Retarded functional differential equations (RFDEs) form a wide class of evolution equations which share the property that, at any point, the rate of the solution depends on a discrete or distributed set of values attained by the solution itself in the past. Thus the initial problem for RFDEs is an infinite-dimensional problem, taking its theoretical and numerical analysis beyond the classical schemes developed for differential equations with no functional elements. In particular, numerically solving initial problems for RFDEs is a diffcult task that cannot be founded on the mere adaptation of well-known methods for ordinary, partial or integro-differential equations to the presence of retarded arguments. Indeed, efficient codes for their numerical integration need speciffc approaches designed according to the nature of the equation and the behaviour of the solution.
By defining the numerical method as a suitable approximation of the solution map of the given equation, we present an original and unifying theory for the convergence and accuracy analysis of the approximate solution. Two particular approaches, both inspired by Runge–Kutta methods, are described. Despite being apparently similar, they are intrinsically different. Indeed, in the presence of speciffc types of functionals on the right-hand side, only one of them can have an explicit character, whereas the other gives rise to an overall procedure which is implicit in any case, even for non-stiff problems.

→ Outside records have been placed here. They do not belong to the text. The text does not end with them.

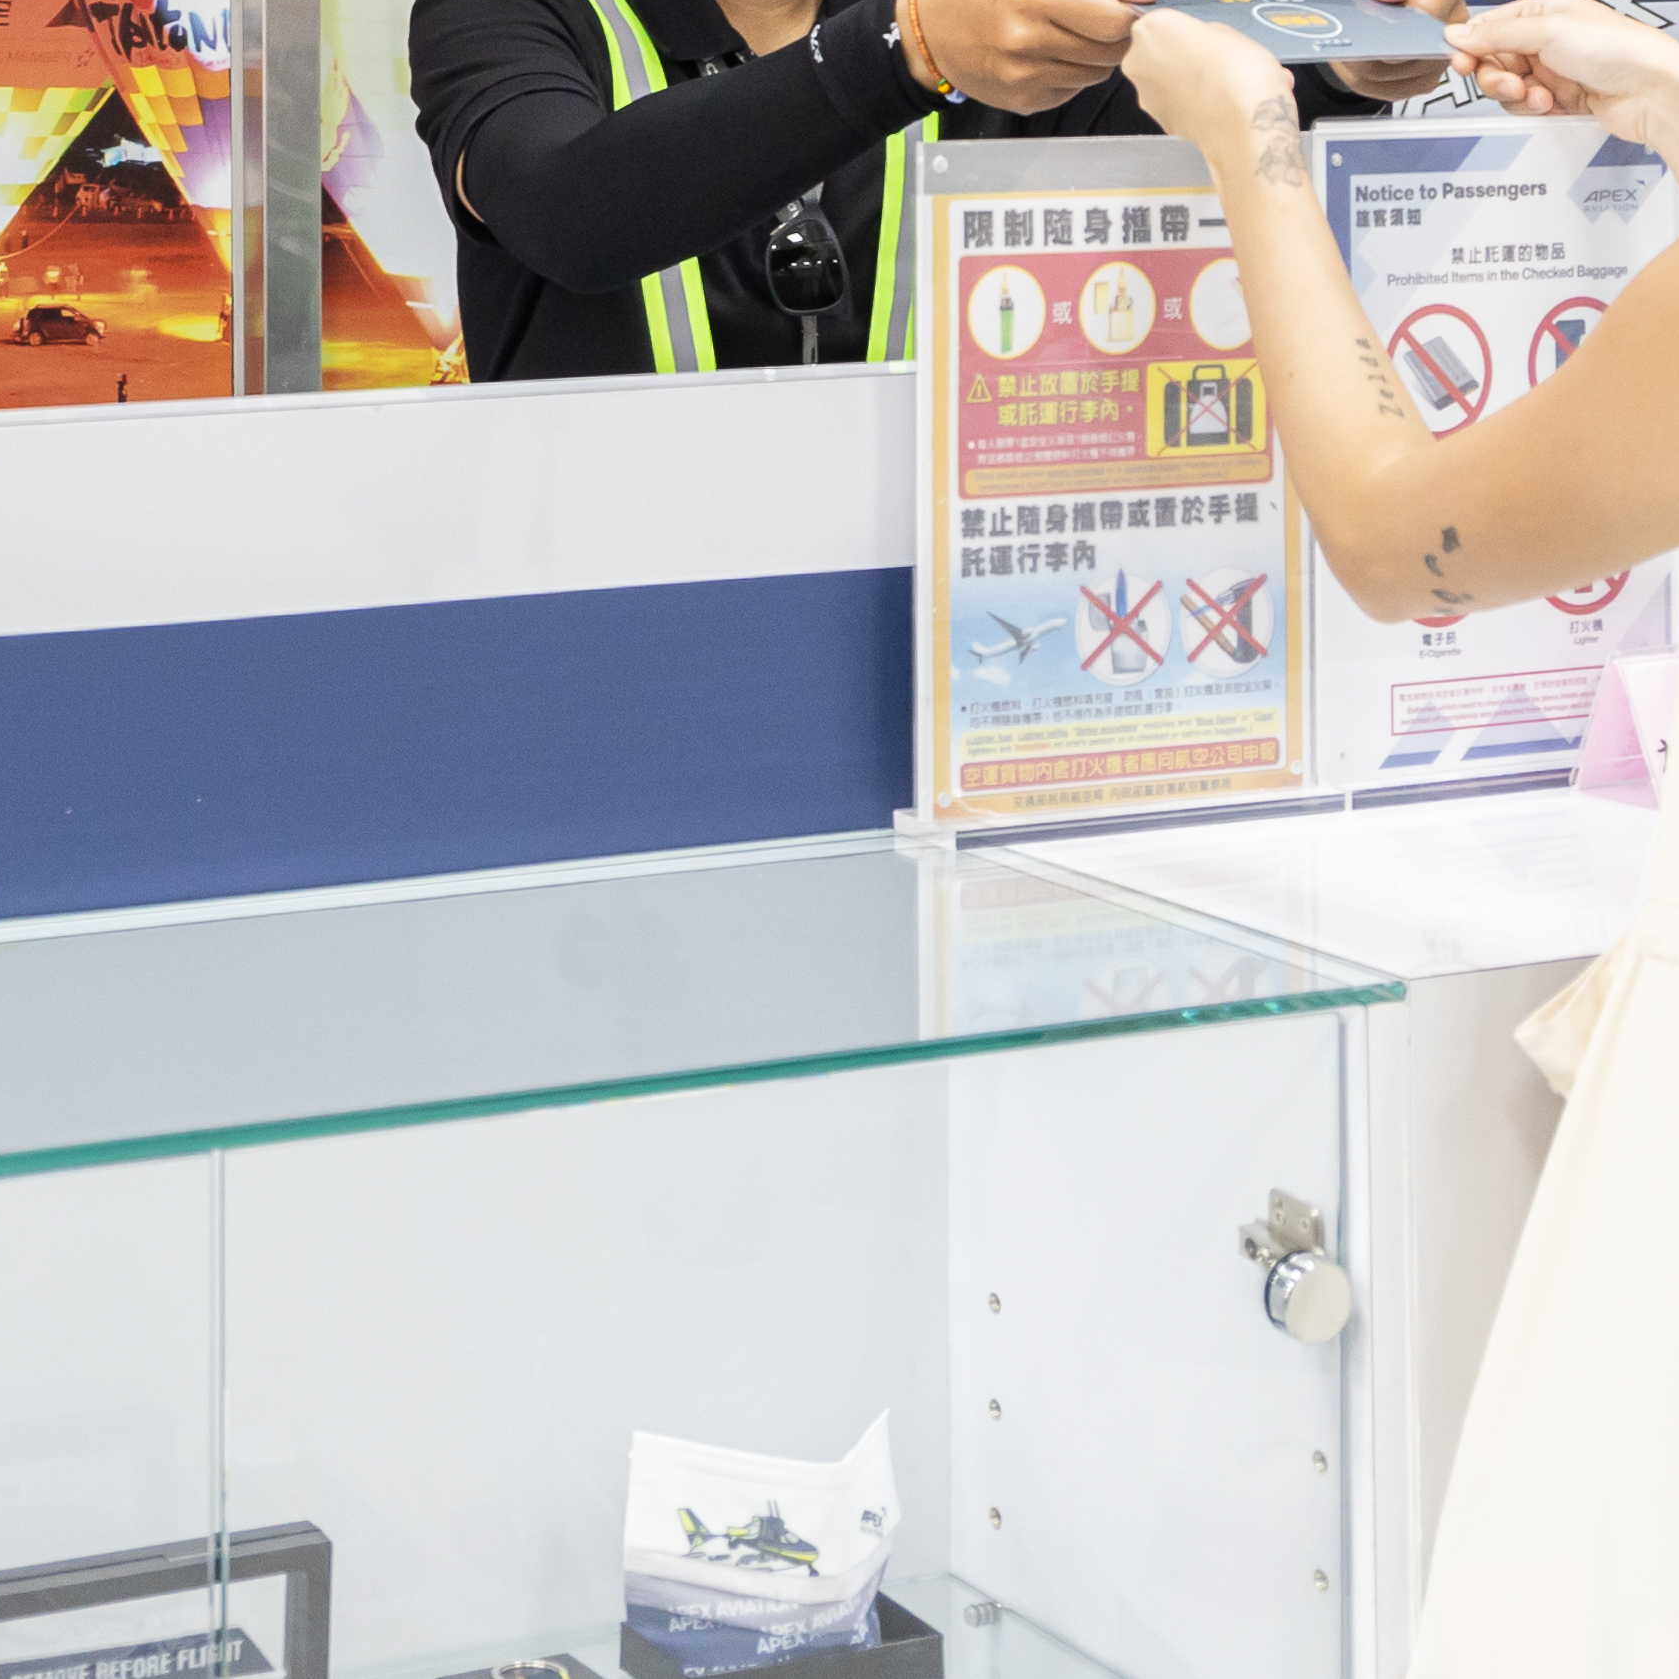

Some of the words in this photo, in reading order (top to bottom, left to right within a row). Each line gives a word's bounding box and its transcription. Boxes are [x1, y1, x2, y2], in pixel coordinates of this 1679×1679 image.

[1355, 184, 1414, 203] Notice
[1420, 184, 1438, 200] to
[1442, 181, 1547, 204] Passengers
[1583, 188, 1639, 203] APEX
[1387, 271, 1449, 287] Prohibited
[1451, 271, 1484, 284] Items
[1487, 271, 1498, 282] in
[1500, 268, 1519, 281] the
[1522, 266, 1574, 281] Checked
[1577, 264, 1628, 281] Baggage
[1052, 301, 1073, 326] 或
[1164, 297, 1184, 321] 或
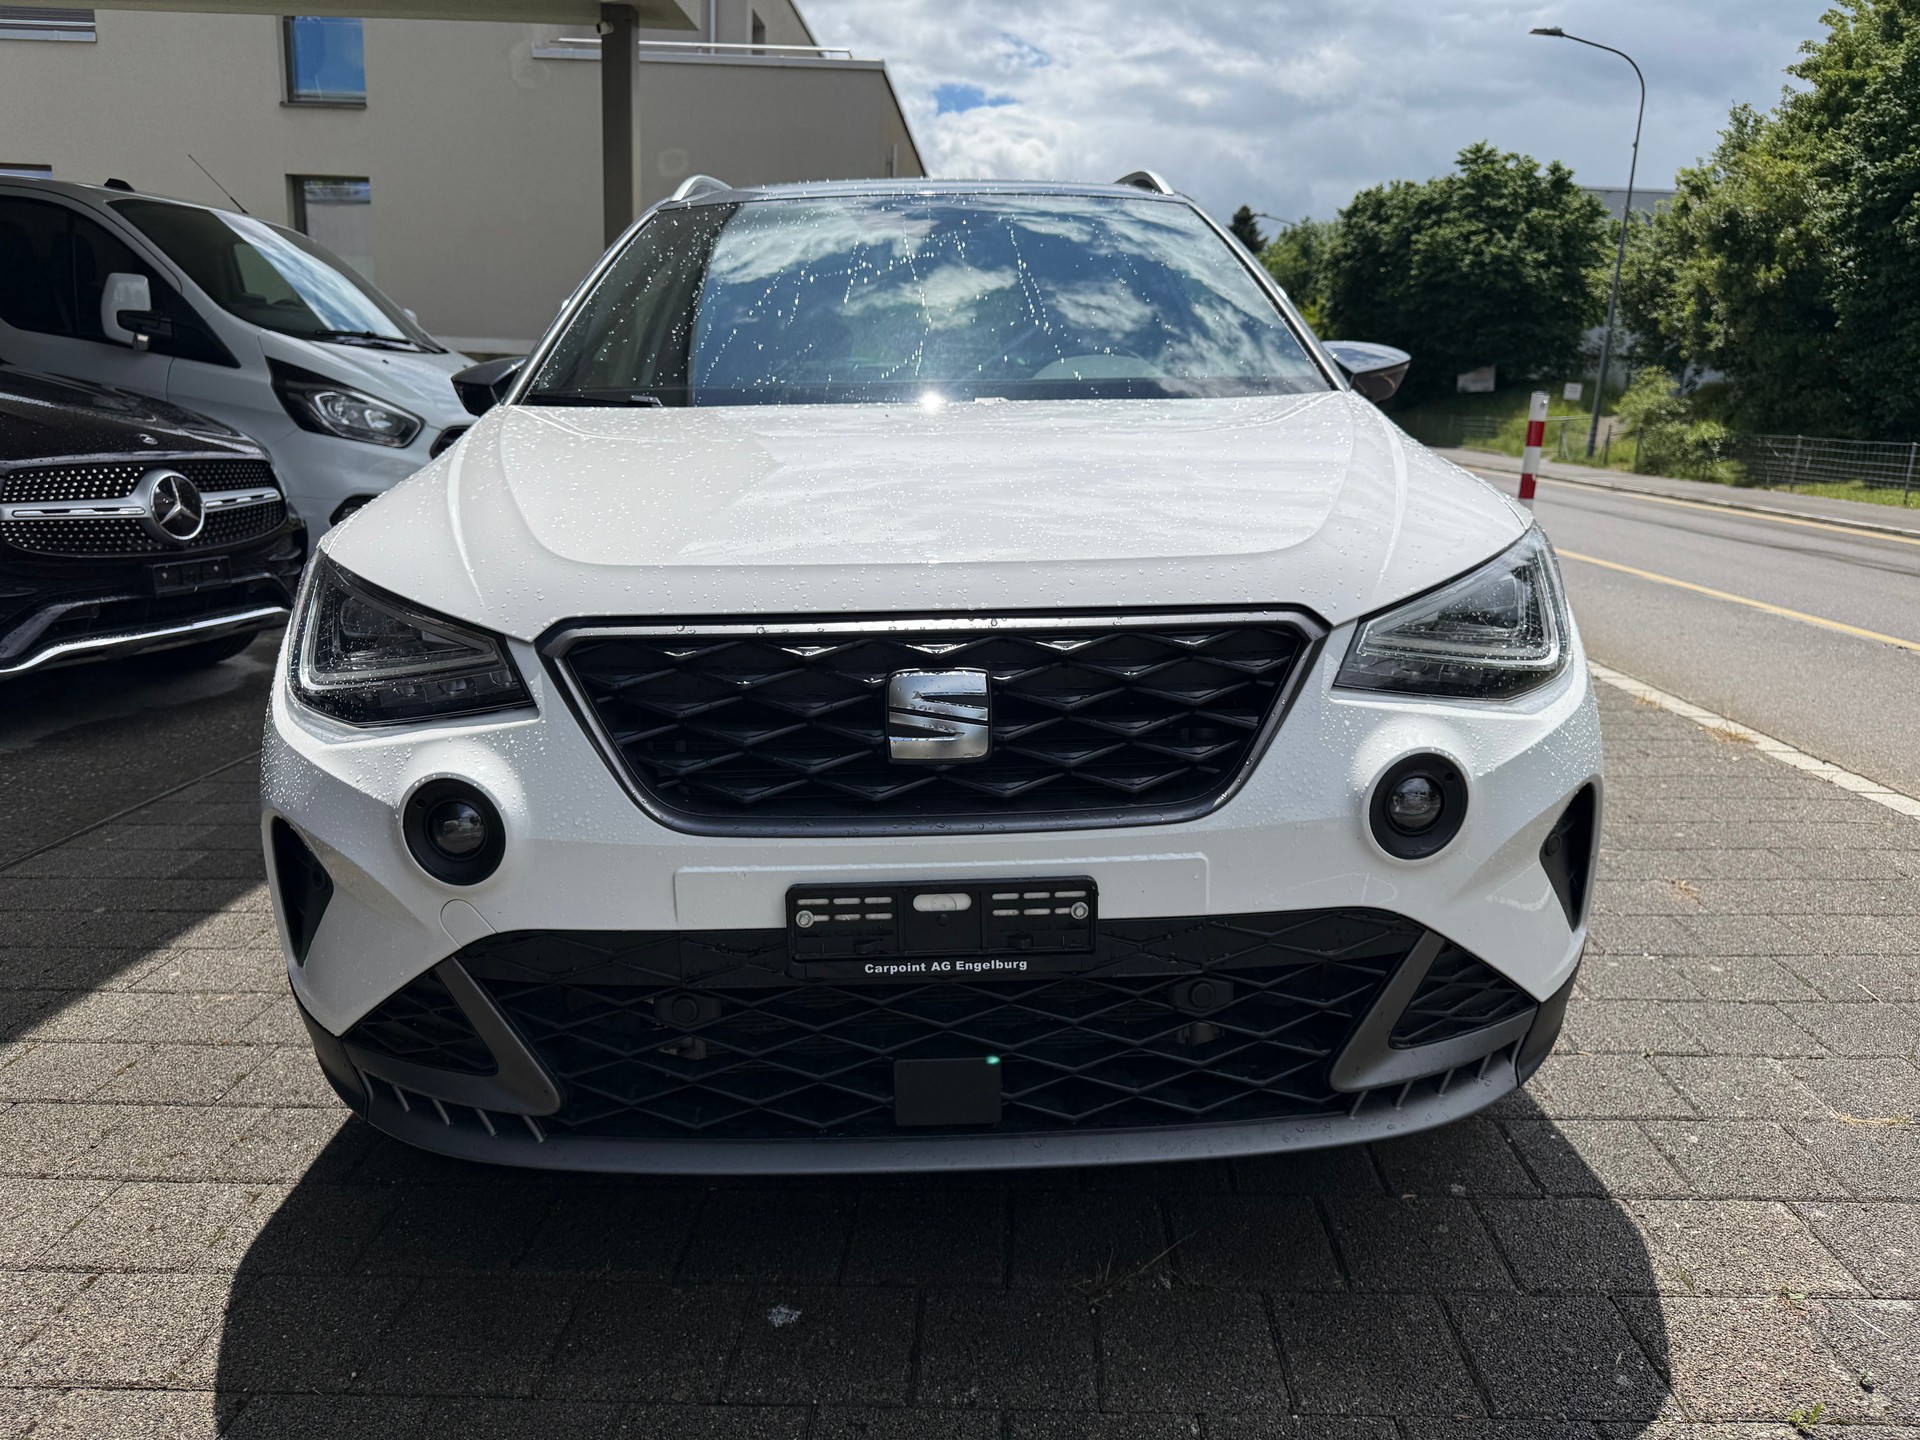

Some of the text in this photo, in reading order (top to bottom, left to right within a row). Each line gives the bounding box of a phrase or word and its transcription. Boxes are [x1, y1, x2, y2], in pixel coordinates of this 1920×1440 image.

[864, 959, 1028, 975] Carpoint AG Engelburg
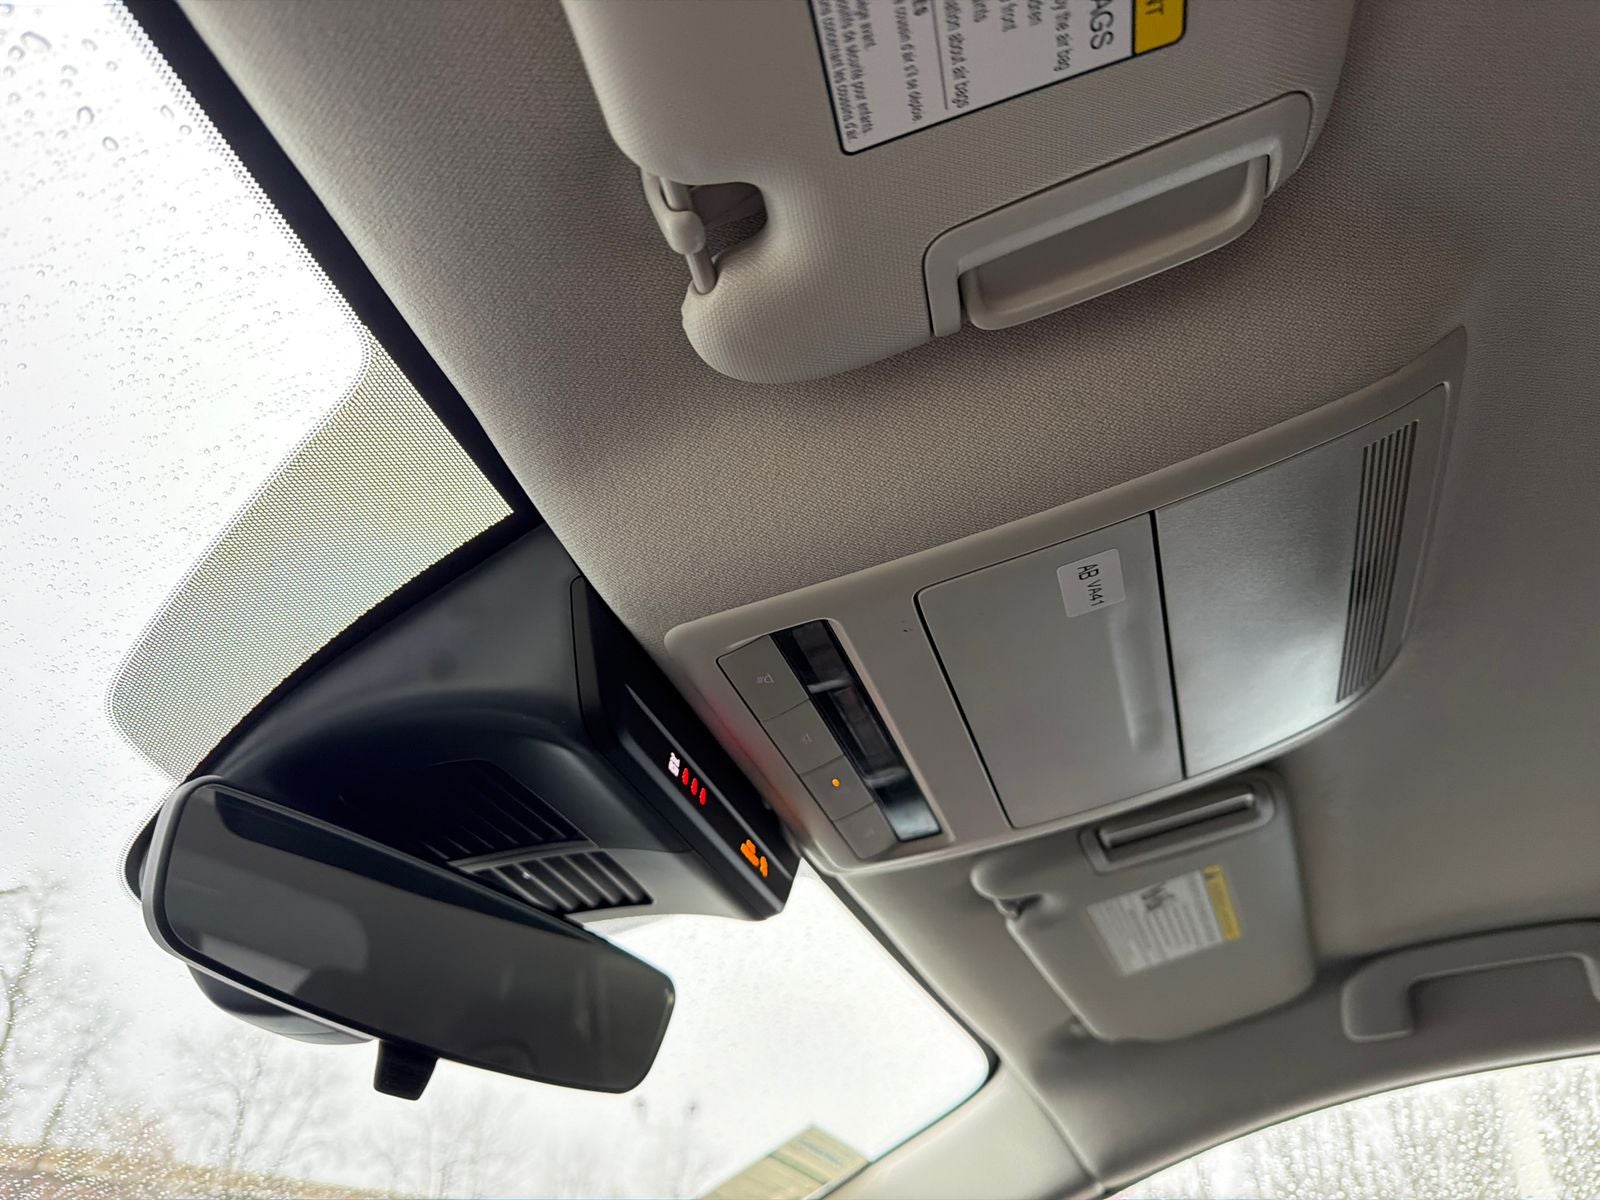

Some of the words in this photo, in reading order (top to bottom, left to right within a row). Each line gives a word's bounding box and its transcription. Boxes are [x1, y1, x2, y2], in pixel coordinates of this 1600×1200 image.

[949, 33, 968, 65] about
[1053, 48, 1075, 72] bag
[952, 81, 971, 109] bags
[1077, 564, 1100, 580] AB
[1087, 579, 1104, 607] VA41

In the panorama of numerical RFDEs, some critical situations have been recently investigated in connection to speciffc classes of equations, such as the accurate location of discontinuity points, the termination and bifurcation of the solutions of neutral equations, with state-dependent delays, the regularization of the equation and the generalization of the solution behind possible termination points, and the treatment of equations stated in the implicit form, which include singularly perturbed problems and delay differential-algebraic equations as well. All these issues are tackled in the last three sections.
In this paper we have not considered the important issue of stability, for which we refer the interested reader to the comprehensive book by Bellen and Zennaro (2003).